Remove yourself from me since you know well that I do not merit you


So what does a Spanish love song have to do with Aristotelean friendship? I put my favorite line from the song in bold. Essentially, the voice of the song is acting completely selflessly here. He loves her and wants to be with her. To be with her gives him pleasure. Nonetheless, he knows that it is better for her to not be with him and is therefore willing to sacrifice all pleasure derived from his relationship with her for her greater good. True friendship is desiring the good of another and devoting yourself selflessly to that regardless of what you get out of it.
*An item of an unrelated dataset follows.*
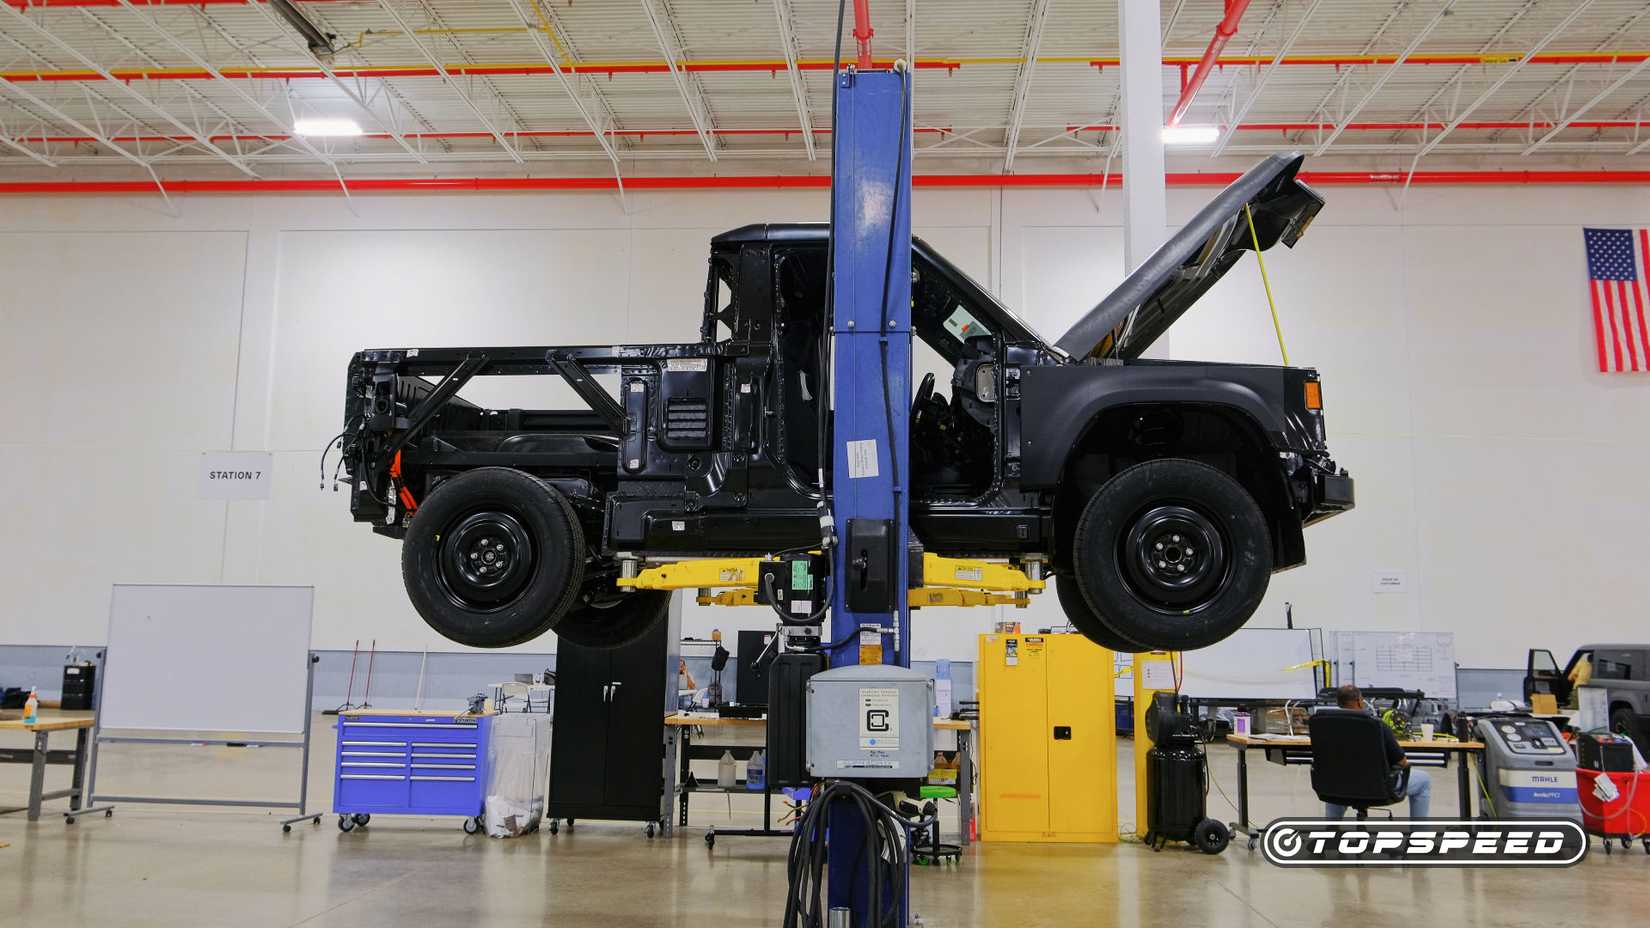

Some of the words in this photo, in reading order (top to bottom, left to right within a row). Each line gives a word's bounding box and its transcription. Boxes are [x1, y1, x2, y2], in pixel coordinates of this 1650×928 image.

True friendship, however, is not about you just being a slave to everyone else. You would be acting as a true friend to those people by doing so, but that does not necessarily equal a true friendship because a true friendship must be reciprocal. That means that both of you are dedicated to the relationship not for pleasure, but for the other person's good. One of the primary reasons our nation's divorce rate is so high is because people marry when they are still only on the second level of friendships: friendships of pleasure. These friendships easily decay and fade away because they are based on common interests, transient sensorial feelings, and emotional stimuli. True friendships endure because they are based on a choice to pursue the good of the other. In a true friendship, you see and desire the beauty of their soul.

God has already shown himself to be a true friend to us by the incarnation and redemption, so that part of the true friendship will never be lacking. In fact, God is incapable of having any other type of friendship because he is entirely self-sufficient (no friendships of use) and is already the highest perfection in every thing, so his happiness can in no way be increased by us (no friendships of pleasure).

The question then remains, do we solidify our relationship with God as a true friendship by being true friends to Him?